Abby, I'm glad you got your sticker. I've had mine for years now. It helps so much, especially in the summer and winter. I don't realize how bad off I am until I try to walk around a store.

Good points, Rachel.

There are lightweight scooters, that can fold up into a car! Your insurance might pay for one. There's no way I could wheel myself in a wheelchair. While I like the idea of a rollator or other walkers, my arms get way too tired.

Yeah, that rickshaw is super cool. You're lucky to have such a great and talented husband.

Annie

Abby,

I got my permit very late in the game. In retrospect it was totally idiotic that I didn't apply for it before. When I was still able to drive, but not walk longer distances, I would find excuses not to come to meetings that didn't have a near bye parking lot. I ended up quarreling with one of my collaborators, because she was very cross with me for not coming for weeks. She said-"you can't be that busy" and she was right. I was too embarrassed to tell her that I could no longer walk that relatively short distance. I was surprised to see how supportive she was, when she realized what was going on. Shopping or going to museums was out of the question for me for over a year.

I applied for a permit only after the social worker in our department brought me the forms and almost forced me to fill them.
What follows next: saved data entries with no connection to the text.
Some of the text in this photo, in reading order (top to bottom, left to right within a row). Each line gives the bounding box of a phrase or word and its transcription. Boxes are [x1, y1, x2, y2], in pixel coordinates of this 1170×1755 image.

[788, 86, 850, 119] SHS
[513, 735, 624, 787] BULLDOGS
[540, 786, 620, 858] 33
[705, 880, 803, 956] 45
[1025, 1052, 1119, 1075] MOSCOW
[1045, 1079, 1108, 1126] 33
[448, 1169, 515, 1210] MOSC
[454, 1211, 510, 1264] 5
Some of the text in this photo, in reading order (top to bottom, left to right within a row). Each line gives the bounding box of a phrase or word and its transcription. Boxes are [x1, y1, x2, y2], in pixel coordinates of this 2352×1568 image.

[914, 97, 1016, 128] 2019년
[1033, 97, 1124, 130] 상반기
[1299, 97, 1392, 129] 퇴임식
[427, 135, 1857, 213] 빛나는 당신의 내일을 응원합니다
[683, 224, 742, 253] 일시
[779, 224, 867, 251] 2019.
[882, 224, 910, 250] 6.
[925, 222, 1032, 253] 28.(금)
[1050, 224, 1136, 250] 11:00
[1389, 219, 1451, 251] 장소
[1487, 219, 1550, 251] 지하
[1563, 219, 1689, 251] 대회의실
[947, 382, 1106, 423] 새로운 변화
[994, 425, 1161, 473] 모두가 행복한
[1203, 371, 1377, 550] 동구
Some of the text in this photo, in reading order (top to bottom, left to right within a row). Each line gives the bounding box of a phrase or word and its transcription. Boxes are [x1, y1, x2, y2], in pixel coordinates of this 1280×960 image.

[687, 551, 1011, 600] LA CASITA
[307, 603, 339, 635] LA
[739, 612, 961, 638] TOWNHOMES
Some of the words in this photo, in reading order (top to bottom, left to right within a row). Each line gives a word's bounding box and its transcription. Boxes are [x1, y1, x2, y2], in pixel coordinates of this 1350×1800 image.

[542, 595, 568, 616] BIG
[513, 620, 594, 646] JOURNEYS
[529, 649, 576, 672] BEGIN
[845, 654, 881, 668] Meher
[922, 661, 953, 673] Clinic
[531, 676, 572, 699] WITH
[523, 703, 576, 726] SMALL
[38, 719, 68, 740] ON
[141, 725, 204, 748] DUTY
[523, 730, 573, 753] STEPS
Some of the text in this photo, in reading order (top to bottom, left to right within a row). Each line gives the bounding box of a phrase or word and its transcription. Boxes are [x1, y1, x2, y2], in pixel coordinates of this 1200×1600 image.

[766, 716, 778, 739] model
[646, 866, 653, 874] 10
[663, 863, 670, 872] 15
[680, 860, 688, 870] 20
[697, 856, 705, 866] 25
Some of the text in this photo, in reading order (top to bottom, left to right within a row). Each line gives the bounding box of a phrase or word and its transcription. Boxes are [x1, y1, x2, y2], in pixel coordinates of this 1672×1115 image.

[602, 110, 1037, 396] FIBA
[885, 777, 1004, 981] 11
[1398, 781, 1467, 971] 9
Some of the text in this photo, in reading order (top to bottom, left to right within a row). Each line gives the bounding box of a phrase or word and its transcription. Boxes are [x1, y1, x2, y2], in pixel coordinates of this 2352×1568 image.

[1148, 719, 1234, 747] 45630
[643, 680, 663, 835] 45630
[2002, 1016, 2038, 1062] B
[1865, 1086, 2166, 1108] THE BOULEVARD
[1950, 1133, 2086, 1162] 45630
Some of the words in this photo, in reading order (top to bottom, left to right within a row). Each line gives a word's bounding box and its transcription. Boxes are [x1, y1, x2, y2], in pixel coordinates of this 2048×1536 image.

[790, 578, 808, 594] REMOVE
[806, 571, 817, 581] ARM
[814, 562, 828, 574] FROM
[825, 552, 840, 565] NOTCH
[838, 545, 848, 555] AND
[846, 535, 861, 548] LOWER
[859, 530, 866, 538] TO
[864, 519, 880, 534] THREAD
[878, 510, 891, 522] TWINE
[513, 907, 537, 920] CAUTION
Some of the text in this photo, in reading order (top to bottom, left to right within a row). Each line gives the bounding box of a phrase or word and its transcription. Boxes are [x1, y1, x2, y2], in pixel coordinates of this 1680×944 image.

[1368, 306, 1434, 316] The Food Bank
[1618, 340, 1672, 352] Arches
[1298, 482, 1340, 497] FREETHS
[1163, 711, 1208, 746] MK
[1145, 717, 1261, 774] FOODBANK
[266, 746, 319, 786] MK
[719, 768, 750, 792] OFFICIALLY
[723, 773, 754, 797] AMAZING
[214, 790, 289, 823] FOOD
I told her that I am probably not going to get it, because I can still walk on my own, and my medical letters are not very clear. I was utterly surprised when I got not only the permit, but also 100% disability. The form I got back said- "severe generalized refractory myasthenia". They didn't care if my tests were positive or negative. They were interested in my functional ability, ,and the neurologist there thought my clinical picture was convincing enough.

It was my first reality check, and also made me understand that at least part of my neurologist's ambiguity was because it involved making medical decisions regarding my care. It was much easier for the neurologist who only had to decide about a sticker on my car.

Just be glad that you often walk normally into the store, and don't feel guilty for it!
And please if you need a wheelchair, use one, before you have a serious accident. There are really nice ones that can fold into your car. And trust me it you are concerned with how you look, I can promise you that more people would stare at someone using a rollator as a wheelchair, then someone who quite naturally sits in a proper wheelchair. It took me time to understand that.

I can also understand why it is so important for you to know that your neurologist understands your illness and what it involves.
I know what a relief it was for me and my husband, when he quite hesitantly called my neurologist when I was not doing well, and instead of telling him I need an "emergency" psychiatric consult, he understood what was going on, gave him very practical advice, and even called later to see how I was doing.

Overall I can say from my experience that people understand your illness better, once you do, and come to terms with it. Most people are very supportive once they know what is going on (even if your symptoms are variable). But, are very confused and puzzled if you don't give them a clue.